Objective: Get the people to take their own observations and experiences seriously, and not think of the Walk as a tour of places that might matter to other people. Jane’s Walks are highly personal, idiosyncratic and a view of the neighbourhood from the perspective of the Walk Leaders (your classroom). They decide what is important and relevant.
3. Conclusion (20 minutes)
• Based on the exercise, discuss some examples of possible stops on the Walk
• Give a few examples of moving from the mapped ideas to creating stops using the maps to stimulate ideas
• Steps towards next lesson: explain that we will be picking locations and groups
• Assign homework
Objective: to introduce Jane Jacobs' philosophy, to generate ideas for a classroom-led Jane's Walk in the area.

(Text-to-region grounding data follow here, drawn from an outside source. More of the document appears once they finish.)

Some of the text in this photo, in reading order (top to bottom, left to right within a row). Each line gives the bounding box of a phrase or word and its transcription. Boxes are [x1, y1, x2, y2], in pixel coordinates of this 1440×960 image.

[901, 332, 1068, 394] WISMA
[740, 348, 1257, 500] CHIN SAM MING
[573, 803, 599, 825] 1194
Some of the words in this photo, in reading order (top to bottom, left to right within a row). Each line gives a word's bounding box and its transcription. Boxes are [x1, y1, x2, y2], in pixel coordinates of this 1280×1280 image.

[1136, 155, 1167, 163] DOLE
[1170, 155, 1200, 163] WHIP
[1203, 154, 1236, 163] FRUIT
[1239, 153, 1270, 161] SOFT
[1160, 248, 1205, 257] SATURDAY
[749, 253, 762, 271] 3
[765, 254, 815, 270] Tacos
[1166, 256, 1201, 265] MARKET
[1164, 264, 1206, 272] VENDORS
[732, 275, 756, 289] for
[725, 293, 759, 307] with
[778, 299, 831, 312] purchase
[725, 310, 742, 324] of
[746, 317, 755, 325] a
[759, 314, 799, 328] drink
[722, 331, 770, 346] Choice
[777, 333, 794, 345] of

Homework: Research your stops
LESSON 2: DEVELOPING THE WALK
1. Quick Review (5 minutes)
2. Deciding on the stops (15 minutes)
• Ask everyone to report back their findings re: stop ideas. Review the ideas and come to some decisions as a group about which locations/ideas should be developed further
• Remind people that ‘you decide what’s important and relevant’, ie: the place that you care about the most.
3. Exercise (20 minutes)
• Work in small groups to identify information-gathering required to animate their location and discuss ideas.

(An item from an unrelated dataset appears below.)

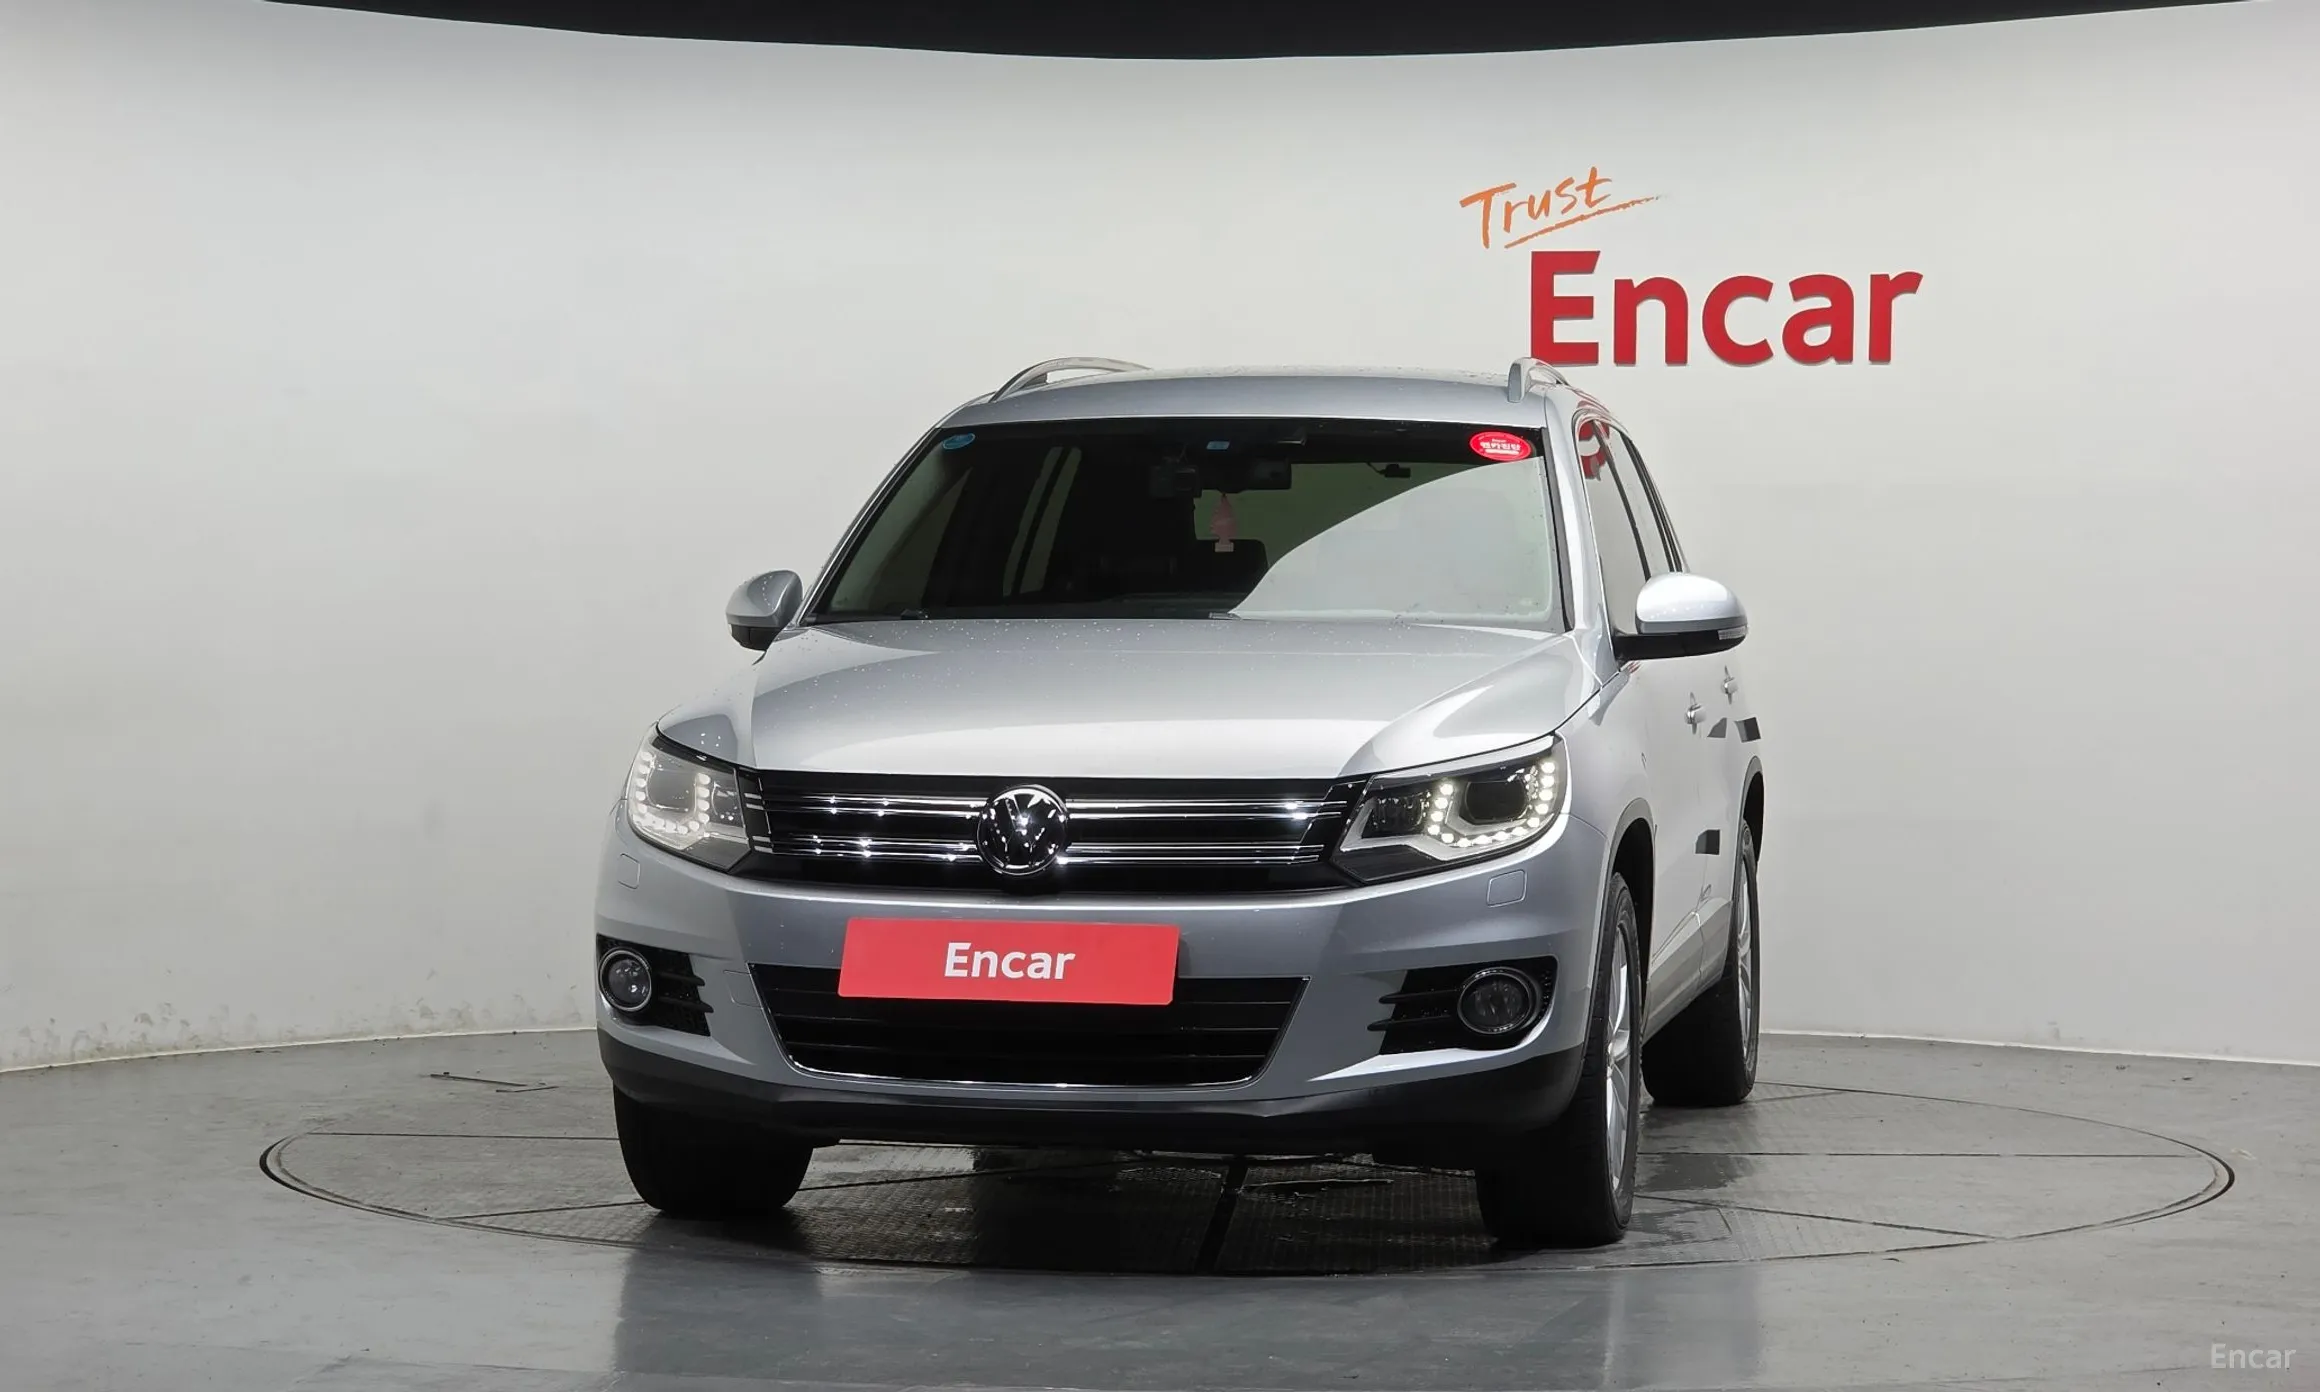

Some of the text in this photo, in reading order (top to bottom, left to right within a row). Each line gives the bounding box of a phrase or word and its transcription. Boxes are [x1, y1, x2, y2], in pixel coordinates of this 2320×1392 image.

[1459, 166, 1613, 249] Trust
[1531, 250, 1924, 366] Encar
[944, 942, 1076, 980] Encar

• Review of images, maps, and
• Mapping or sketching ideas
• Small groups (stops) report back to the larger group (classroom)

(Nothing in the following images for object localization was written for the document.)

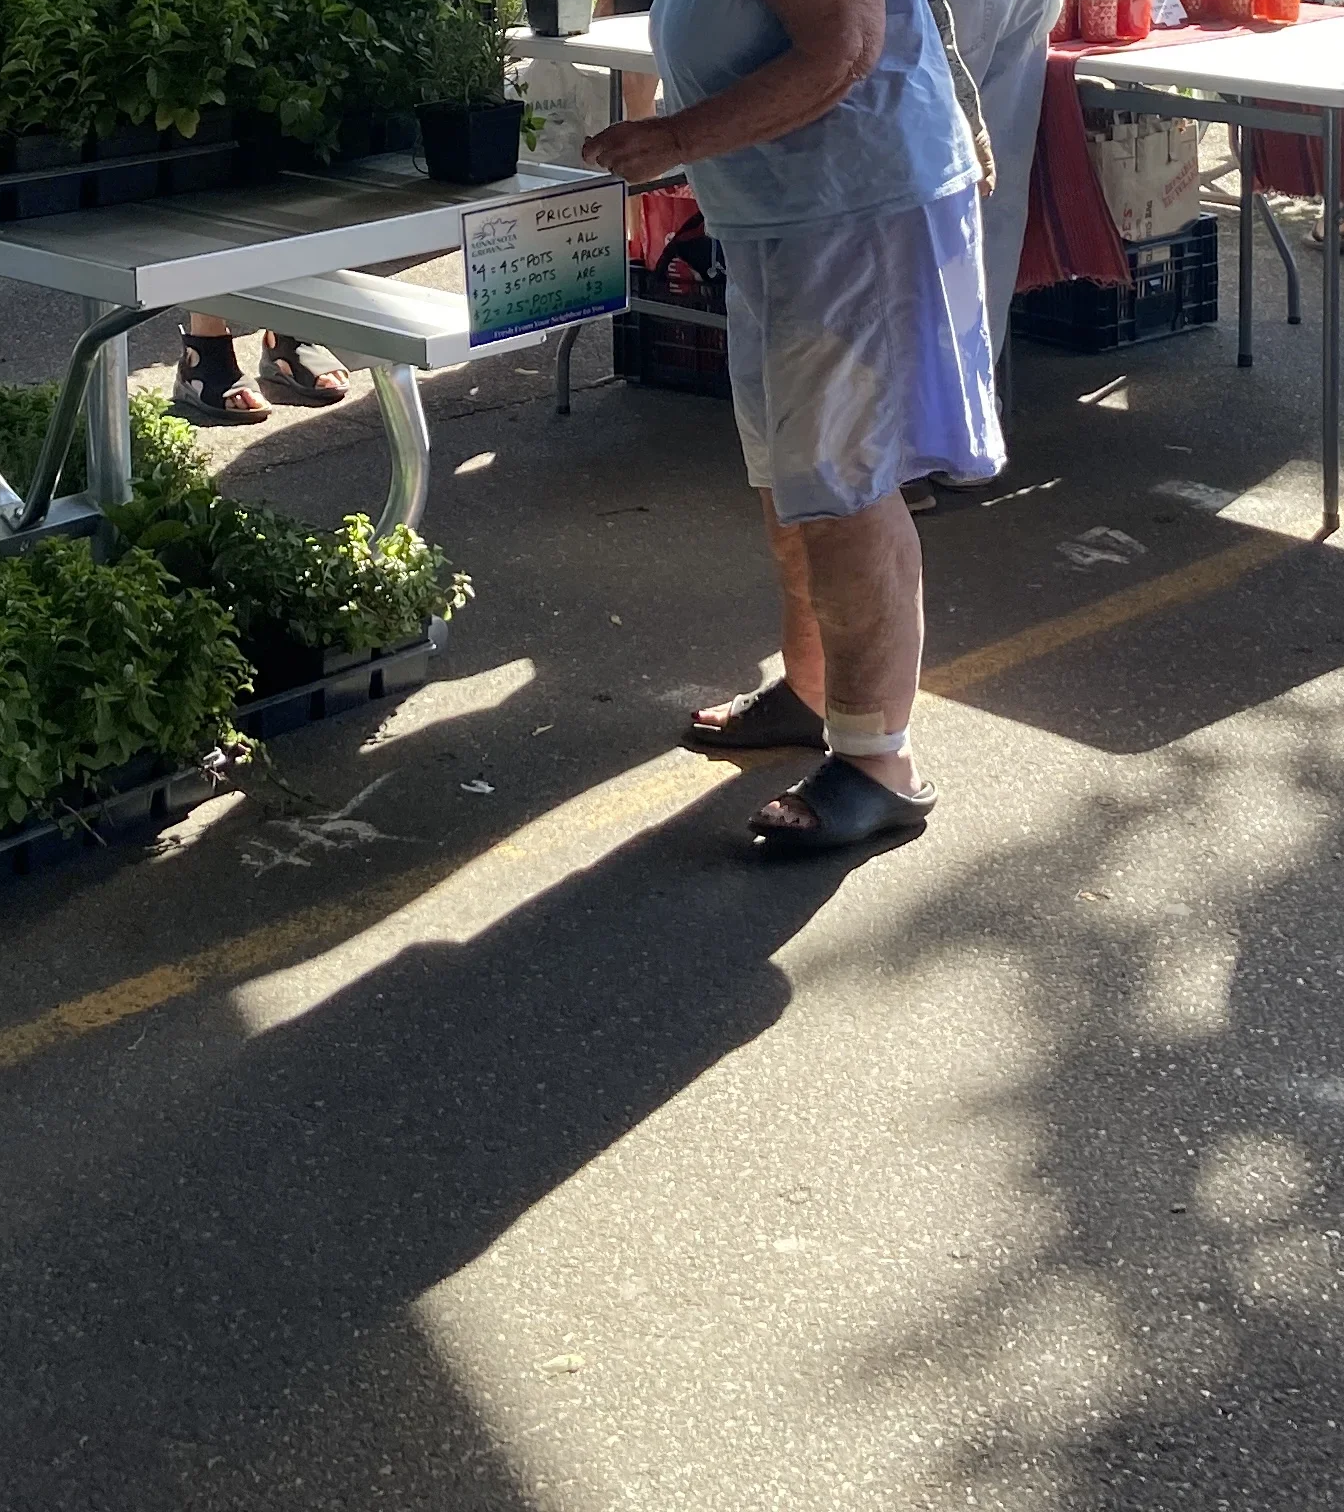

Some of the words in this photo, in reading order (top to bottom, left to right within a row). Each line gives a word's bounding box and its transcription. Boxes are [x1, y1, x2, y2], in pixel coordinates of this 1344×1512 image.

[536, 201, 602, 225] PRICING
[471, 233, 518, 249] MINNESOTA
[577, 231, 599, 245] ALL
[526, 250, 554, 269] POTS
[576, 265, 596, 281] ARE
[473, 288, 490, 307] $3
[528, 268, 557, 286] POTS
[585, 280, 604, 296] $3
[473, 308, 493, 325] $2
[532, 289, 563, 307] POTS
[493, 326, 514, 339] Fresh
[515, 323, 533, 335] From

Objective: To identify possible points of interest, and what information is needed to develop the stops.
Homework: Research your stops
LESSON 3: SCOUTING THE STOPS
1. Review/progress report (5 minutes)
2. Exercise: Small groups visit their stops (50 minutes)
Objective: To refine scripts/talking points about each stop on the Walk
3. Wrap-up and assign homework (5 minutes)
Homework: Complete any further necessary research and complete scripts/talking points
LESSON 4: PERFECTING THE WALK
1. Review (5 minutes)
2. Break into small groups and prepare presentation at each stop (55 Minutes)
• May include a trip to the library, use of maps and materials
• May include additional guest animators to work with groups (e.g. architect, city planner, local activist, artist, local resident historian)
Objective: To be ready for the Walk; complete research, scripts/talking points and finish up any final details, such and inviting additional animators, etc.
Homework: Prepare for your Jane’s Walk; take one last look at your stops, rehearse/review your script/talking points
Encourage the student guides to take on an ambassadorial role, this is their tour and the participants are eager to hear what they have to say. Guides shouldn’t assume any of the other students know the material that they are about to present. They are there to enliven, teach and share their stories with others, their enthusiasm will be contagious. These are places they care about, and as we have learned, the places where we live, work and go to school all have interesting stories behind them.
And don’t forget to take pictures, share them, post them on our Flickr site, or send them along to us here at Jane’s Walk. We’d love to see what you’re up to.
• Jane’s Walks usually happen the first weekend in May.
• Jane’s Walks are free and open to the public
• Community walks are open to the public, and Jane’s Walk can help with promotion of the community Walk.
• School Edition Jane’s Walks do not have to take place on the official Jane’s Walk weekend, they can happen before or after since they are usually not included in the public schedule of the walks (this is entirely at the discretion of the school). Walks could be open to other teachers, parents or local guests (as appropriate)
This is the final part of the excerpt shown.